En el transcurso del debate enfatizaremos las diferencias entre los diversos tipos de documentación.
- Resumen: meditación sobre el tema de escritura y recordación desde el punto de vista de Shalom Eilati.
Introducción
En la época del Holocausto miles de judíos – gente mayor, jóvenes, niños – empezaron a dedicarse a escribir. Intelectuales acostumbrados a tomar la pluma y gente simple que nunca tuvo la vivencia de escribir. El deseo de dejar un testimonio, dada la sensación que el mundo judío estaba a punto de ser exterminado y que ellos eran “los últimos judíos”, se diseminó entre muchas personas. [1]
- Consideren la escritura de un diario personal, ¿por qué le es importante al autor poner por escrito sus pensamientos, vivencias y sensaciones?
La acción de escribir constituye una ancla de definición propia y nos libra de la abstracción. Ponemos orden en la mezcla de pensamientos y sensaciones diferentes y le reclamamos al tiempo que pasa. La escritura pone al descubierto diversos estratos de nuestra personalidad, y la documentación permite volver a examinar diversas épocas y eventos en nuestras vidas. La escritura contiene un elemento muy personal de introspección y enfrentamiento con uno mismo.
La escritura en sí viola el silencio de la esencialidad que a veces carece de voz o palabras. El poner las cosas por escrito las adelanta hacia el espacio público. La escritura de un diario se encuentra siempre en un espacio intermedio, entro lo personal y lo general, entre lo oculto y lo descubierto.
- Si ustedes escriben un diario, ¿escriben a partir del entendimiento conciente que el diario puede llegar a ser descubierto un día? ¿Afecta eso a la manera y el contenido que ustedes escriben?
- ¿Tiene la escritura de los judíos durante el Holocausto funciones adicionales o diferentes de las mencionadas?
Pesaj [fiesta judía que conmemora la salida de Egipto]
- lunes 5 de
abril de 1942
“Hablan mucho acá acerca de escribir un diario. Cada una cree que hay un montón de cosas que deben ser documentadas, cosas que no suceden de ordinario en la vida normal, cosas que nosotras mismas no hubieramos creído que existen en el mundo. Cosas como esas pertenecían a tiempos ya pasados, o eran producto de la imaginación fértil de los autores de cuentos. Yo pienso que cada una de nosotras que leyó cuentos como esos pensó que si le hubiera tocado pasar lo que pasaron las infelices heroinas de las novelas, el mundo estaría patas arriba, y el sol y la luna no alumbrarían como de costumbre, y seguro que ella misma no sobreviviría. Pero aquí todo se conduce como si de costumbre, a pesar de las cosas un poco extrañas que ocurren aquí, y esos eventos extraños son aceptados con resignación como si fueran fenómenos normales. Poco a poco una se acostumbra a fenómenos de otro mundo, y no hay qué anotar en el diario, todo parece como si fuera natural. Sin embargo, más de una vez una tiene ganas de tomar el lápiz y hacer algo con él, registrar parte de lo que se encuentra en las profundidades del corazón, que intriga infatigablemente en las profundidades y debajo del inconsciente. Porque más de una vez sólo lo profundo del corazón oculta un sentimiento cualquiera de rencor hacia ese [...] y busca un soporte cualquiera para expresar su dolor que no puede ser definido, y quizá el lápiz le permitirá tal soporte”. [2]
Fela Szeps |
- Lean el pasaje del diario de Fela Szeps, ¿cómo se relaciona ella a la realidad en la cual vive?

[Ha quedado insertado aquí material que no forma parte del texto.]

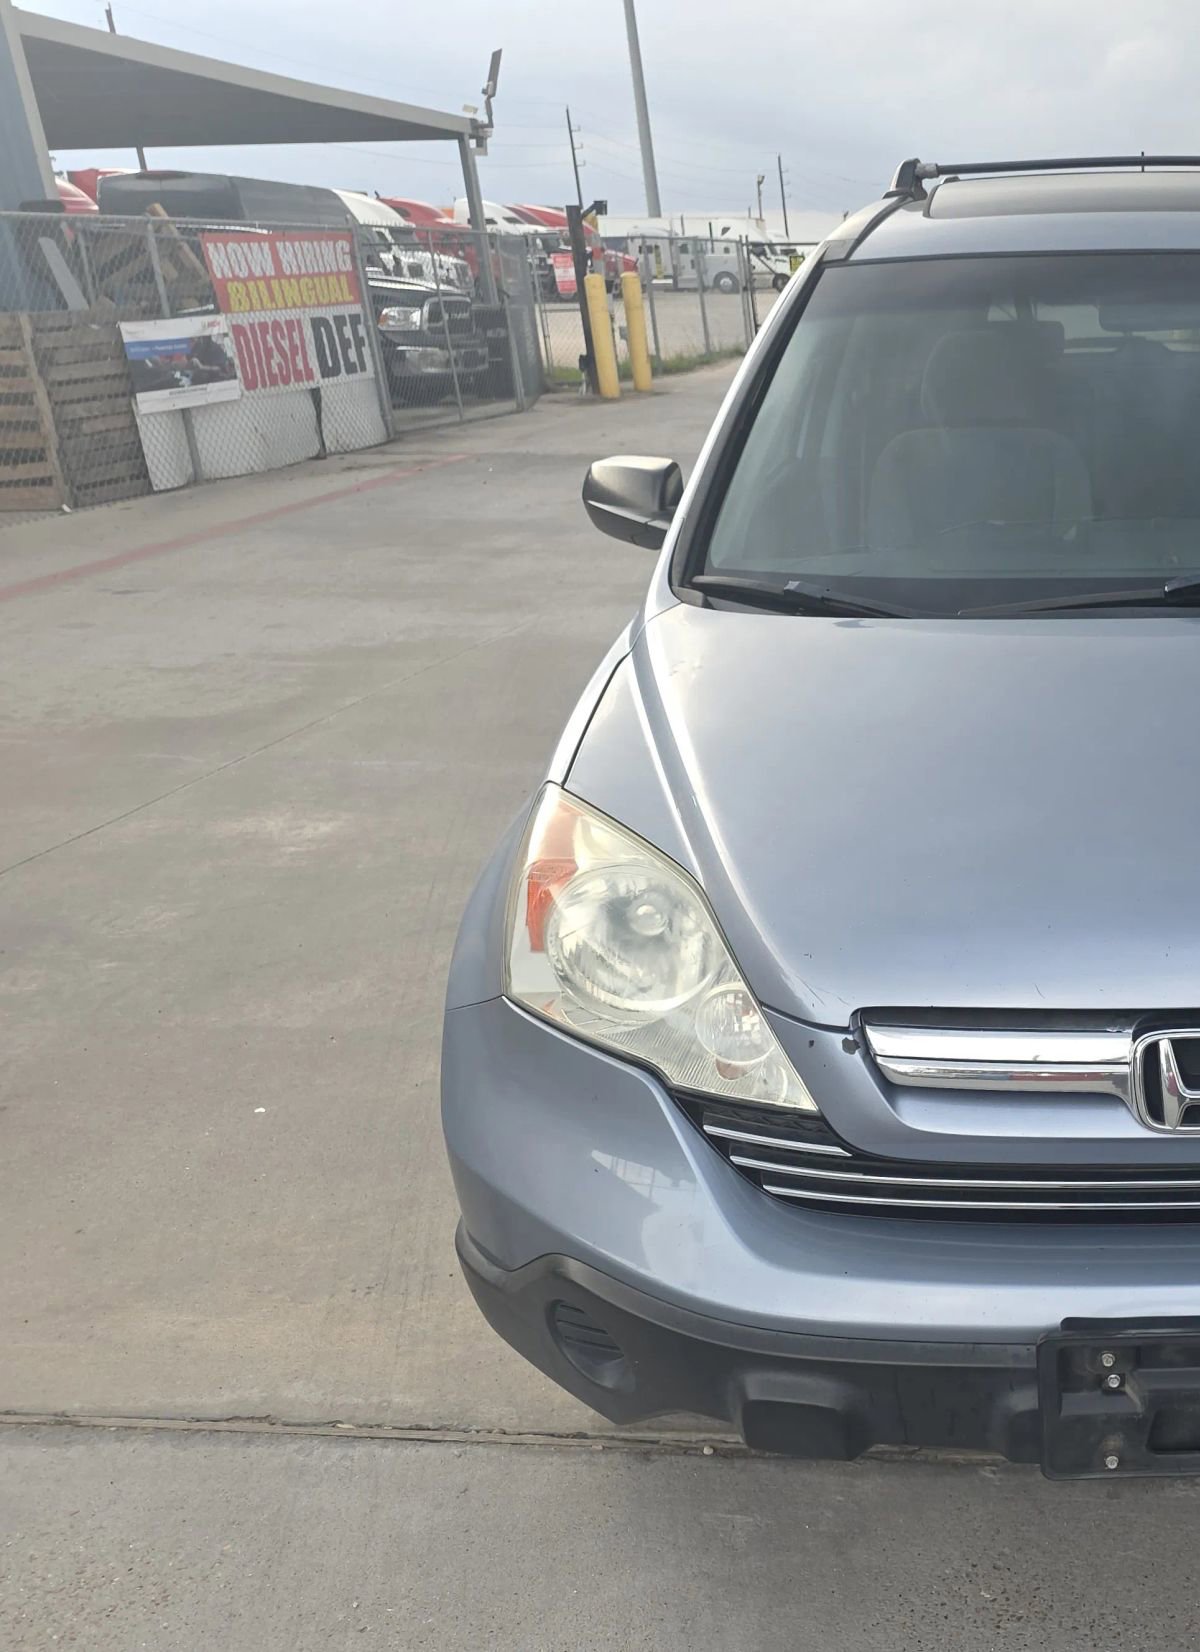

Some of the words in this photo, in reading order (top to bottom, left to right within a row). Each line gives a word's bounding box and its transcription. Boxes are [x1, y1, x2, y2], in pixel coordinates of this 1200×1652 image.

[206, 241, 275, 279] NOW
[275, 240, 353, 276] HIRING
[226, 273, 354, 313] BILINGUAL
[231, 319, 314, 391] DIESEL
[309, 313, 367, 379] DEF
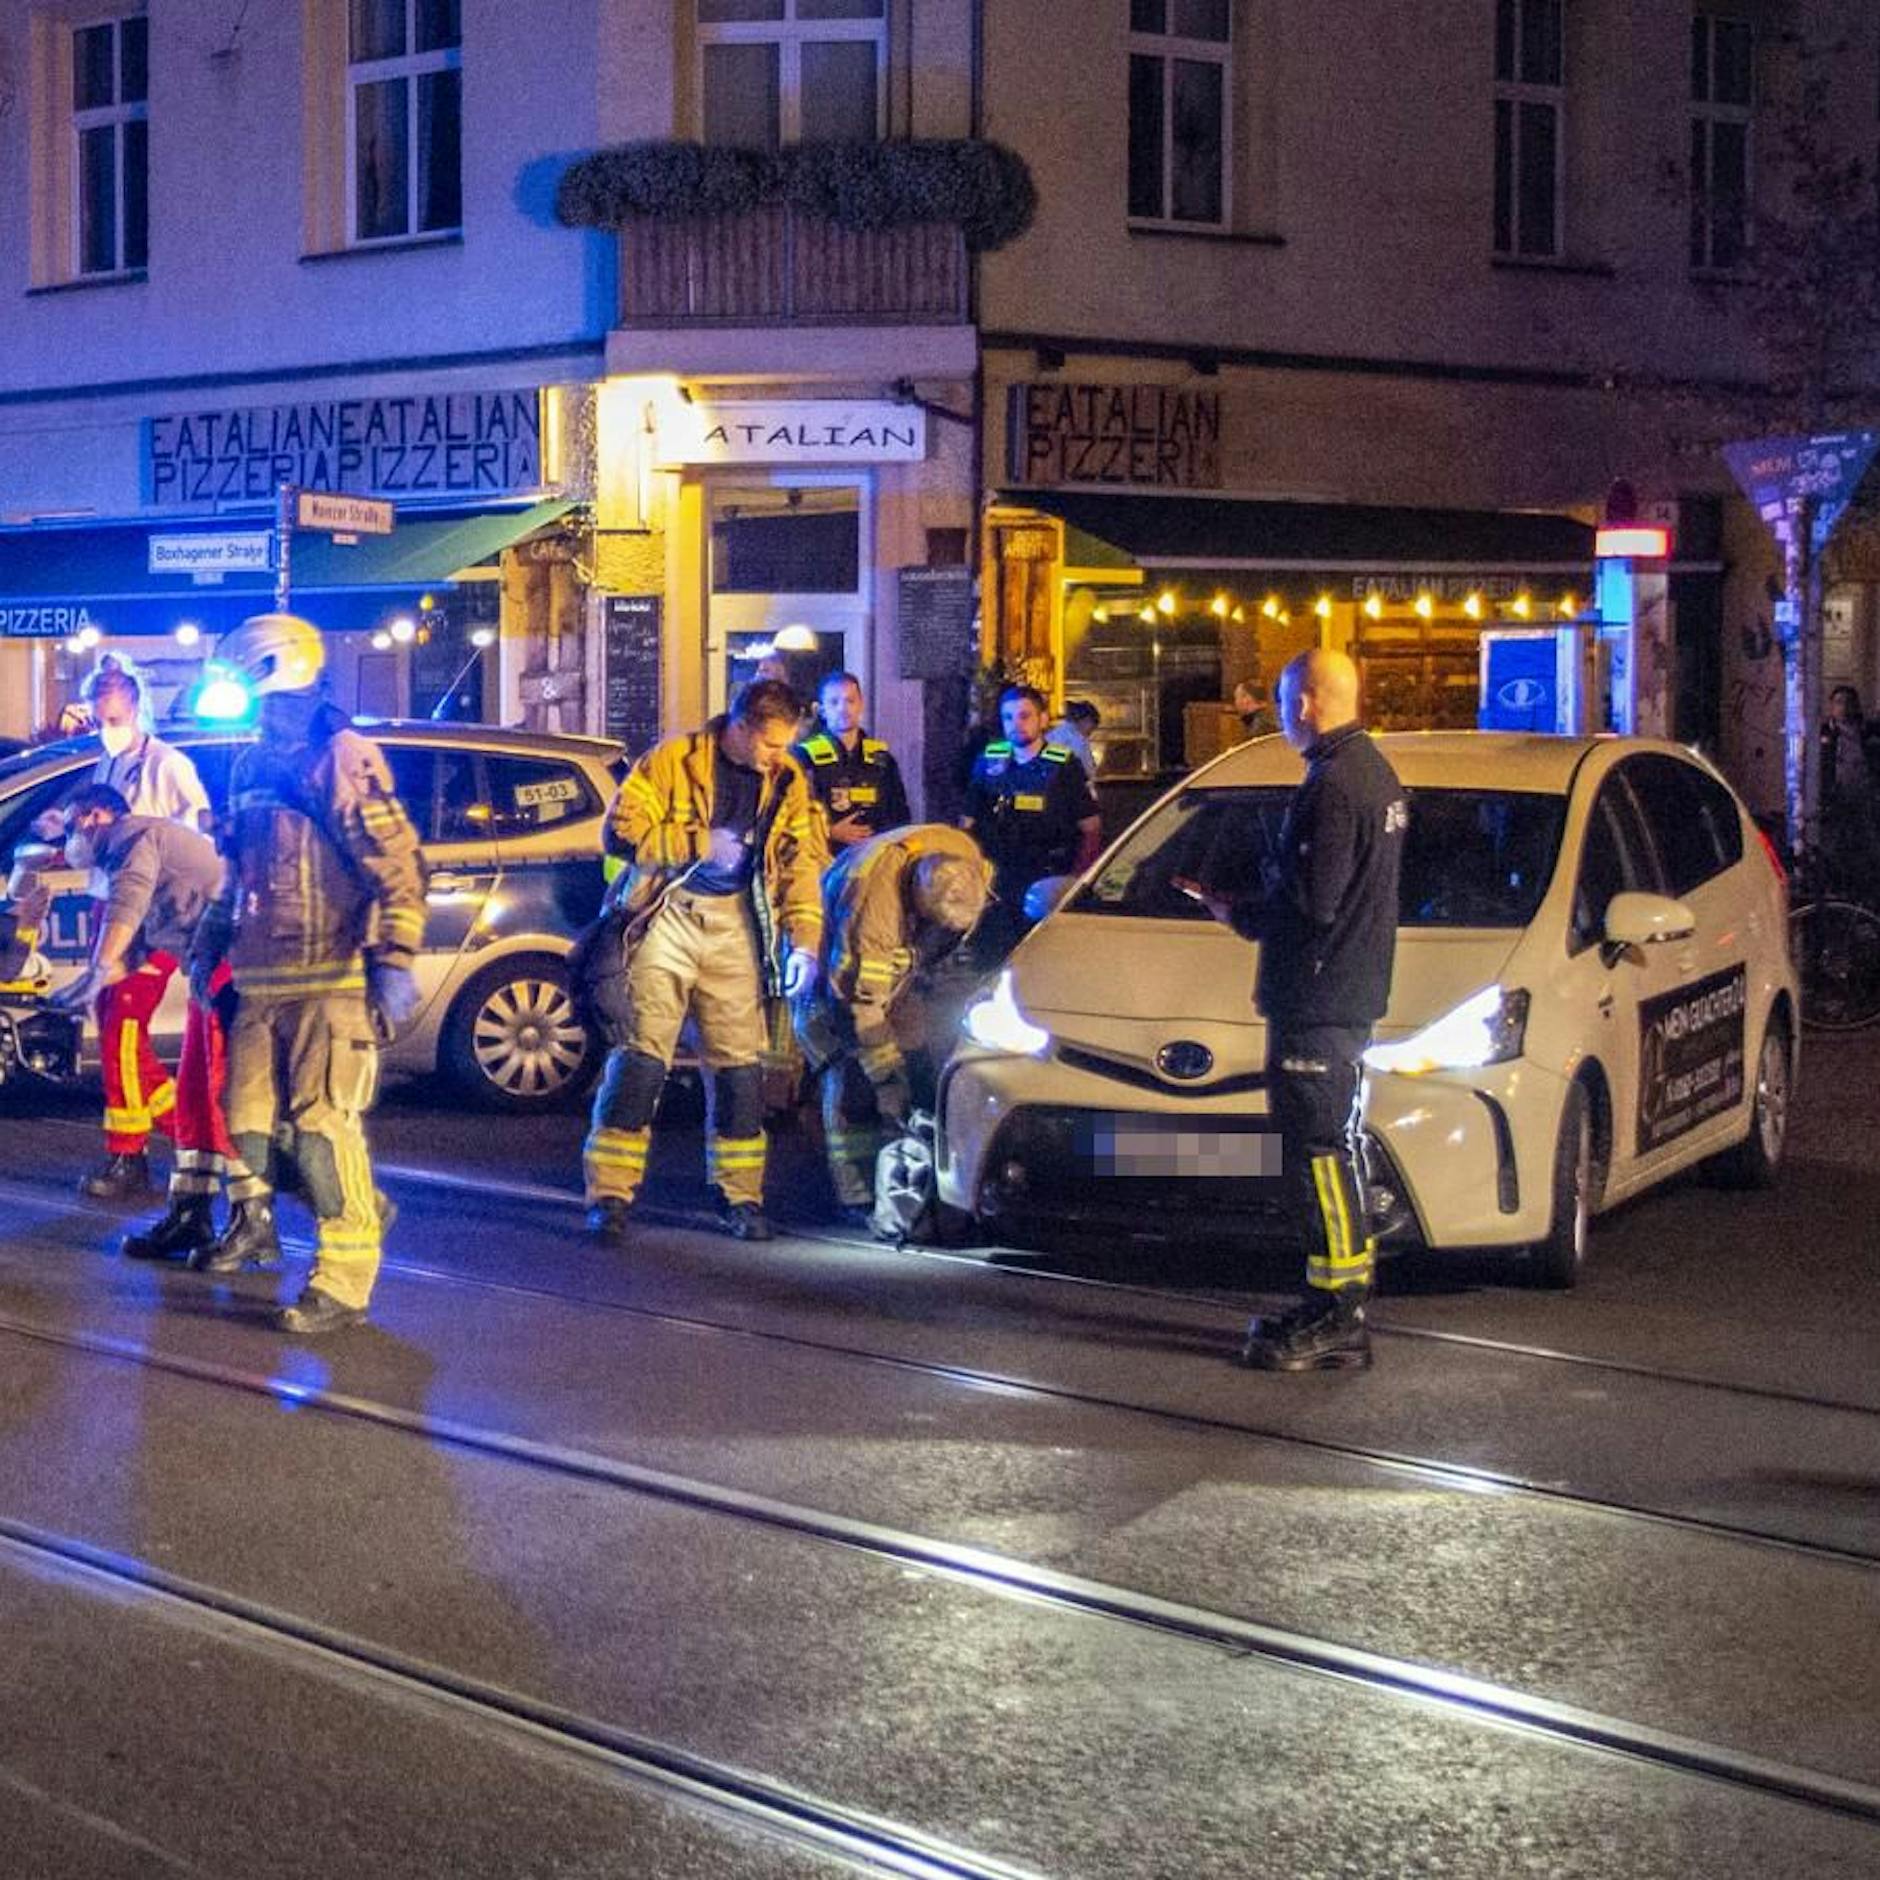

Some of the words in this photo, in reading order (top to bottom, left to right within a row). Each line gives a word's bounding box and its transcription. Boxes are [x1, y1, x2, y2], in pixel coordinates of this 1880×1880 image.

- ¿Qué entienden ustedes de la dualidad de la relación de Fela Szeps hacia el acto de la escritura – dualidad que se expresa en la escritura misma? ¿Qué la impulsa a escribir?
Ante eventos tan extremos de deshumanización que caracterizaron a la época del Holocausto, hay en realidad una acción de escritura – un lugar donde el conquistador no tiene entrada – clamor y protesta de los humano y lo propio contra el intento de los alemanes de borrar al individuo.
Documentación General – Archivo “Oneg Shabat” [“Placer del Sábado”]
Además de la escritura como escape a un espacio personal de expresión de sensaciones y sentimientos, hoy en día sabemos que en la época el Holocausto se establecieron en los diversos guetos empresas de documentación, tanto oficiales como clandestinas: la crónica del gueto de Lodz [pronunciado Lodch], elaborada bajo iniciativa del Judenraht [Consejo de Judíos Ilustres, pronunciado Yudenrat], el archivo del gueto de Bialistok, y otras. Nos centraremos en uno de los archivos grandes establecidos durante el Holocausto, el archivo “Oneg Shabat”.
El archivo clandestino “Oneg Shabat” fue fundado en el gueto de Varsovia por el historiador y hombre público, el Dr. Emanuel Ringelblum [pronunciado Ringuelblum]. Durante la rebelión del gueto, Ringelblum y sus amigos escondieron el material que recolectaron sobre la vida y los eventos en él en cofres y en vasijas de leche, y las enterraron. La tarea de recolección, escritura y escondite de los materiales se llevó a cabo a riesgo de sus vidas. El objetivo de los miembros del archivo era asegurar el recuerdo de los judíos de Varsovia. La mayor parte del material fue encontrado después de la guerra, y nos sirve mucho en el estudio del destino de aquellos judíos, constituyendo una fuente principal para la investigación del Holocausto.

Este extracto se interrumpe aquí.